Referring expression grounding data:
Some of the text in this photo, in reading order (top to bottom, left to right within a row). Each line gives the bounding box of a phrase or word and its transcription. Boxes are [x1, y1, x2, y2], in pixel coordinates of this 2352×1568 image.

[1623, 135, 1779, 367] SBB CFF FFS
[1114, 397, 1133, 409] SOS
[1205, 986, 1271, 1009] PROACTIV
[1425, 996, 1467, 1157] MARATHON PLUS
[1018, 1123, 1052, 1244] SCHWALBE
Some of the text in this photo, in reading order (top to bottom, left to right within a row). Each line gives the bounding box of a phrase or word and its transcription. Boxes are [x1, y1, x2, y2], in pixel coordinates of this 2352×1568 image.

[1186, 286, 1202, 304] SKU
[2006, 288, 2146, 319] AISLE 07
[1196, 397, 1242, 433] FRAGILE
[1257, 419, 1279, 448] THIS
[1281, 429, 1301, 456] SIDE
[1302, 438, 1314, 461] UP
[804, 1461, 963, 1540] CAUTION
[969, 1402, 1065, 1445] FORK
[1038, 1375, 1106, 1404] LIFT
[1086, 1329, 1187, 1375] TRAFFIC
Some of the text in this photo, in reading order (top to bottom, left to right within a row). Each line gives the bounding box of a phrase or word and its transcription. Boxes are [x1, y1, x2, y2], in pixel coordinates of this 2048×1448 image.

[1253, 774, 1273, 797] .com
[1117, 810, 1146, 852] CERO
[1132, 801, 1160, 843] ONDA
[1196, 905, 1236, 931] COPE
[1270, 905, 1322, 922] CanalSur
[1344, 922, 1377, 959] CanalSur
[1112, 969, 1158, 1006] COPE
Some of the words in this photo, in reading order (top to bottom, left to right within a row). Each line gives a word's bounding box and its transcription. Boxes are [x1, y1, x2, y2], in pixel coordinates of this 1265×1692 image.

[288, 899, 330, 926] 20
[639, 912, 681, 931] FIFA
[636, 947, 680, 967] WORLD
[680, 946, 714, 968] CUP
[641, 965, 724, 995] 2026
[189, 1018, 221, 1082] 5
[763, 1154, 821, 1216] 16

TASK TO COMPLETE
Without altering a single word, transcribe the entries above.

SOLUTION FOR THIS PROBLEM
Some of the text in this photo, in reading order (top to bottom, left to right within a row). Each line gives the bounding box of a phrase or word and its transcription. Boxes are [x1, y1, x2, y2], in pixel coordinates of this 2352×1568 image.

[1623, 135, 1779, 367] SBB CFF FFS
[1114, 397, 1133, 409] SOS
[1205, 986, 1271, 1009] PROACTIV
[1425, 996, 1467, 1157] MARATHON PLUS
[1018, 1123, 1052, 1244] SCHWALBE
Some of the text in this photo, in reading order (top to bottom, left to right within a row). Each line gives the bounding box of a phrase or word and its transcription. Boxes are [x1, y1, x2, y2], in pixel coordinates of this 2352×1568 image.

[1186, 286, 1202, 304] SKU
[2006, 288, 2146, 319] AISLE 07
[1196, 397, 1242, 433] FRAGILE
[1257, 419, 1279, 448] THIS
[1281, 429, 1301, 456] SIDE
[1302, 438, 1314, 461] UP
[804, 1461, 963, 1540] CAUTION
[969, 1402, 1065, 1445] FORK
[1038, 1375, 1106, 1404] LIFT
[1086, 1329, 1187, 1375] TRAFFIC
Some of the text in this photo, in reading order (top to bottom, left to right within a row). Each line gives the bounding box of a phrase or word and its transcription. Boxes are [x1, y1, x2, y2], in pixel coordinates of this 2048×1448 image.

[1253, 774, 1273, 797] .com
[1117, 810, 1146, 852] CERO
[1132, 801, 1160, 843] ONDA
[1196, 905, 1236, 931] COPE
[1270, 905, 1322, 922] CanalSur
[1344, 922, 1377, 959] CanalSur
[1112, 969, 1158, 1006] COPE
Some of the words in this photo, in reading order (top to bottom, left to right within a row). Each line gives a word's bounding box and its transcription. Boxes are [x1, y1, x2, y2], in pixel coordinates of this 1265×1692 image.

[288, 899, 330, 926] 20
[639, 912, 681, 931] FIFA
[636, 947, 680, 967] WORLD
[680, 946, 714, 968] CUP
[641, 965, 724, 995] 2026
[189, 1018, 221, 1082] 5
[763, 1154, 821, 1216] 16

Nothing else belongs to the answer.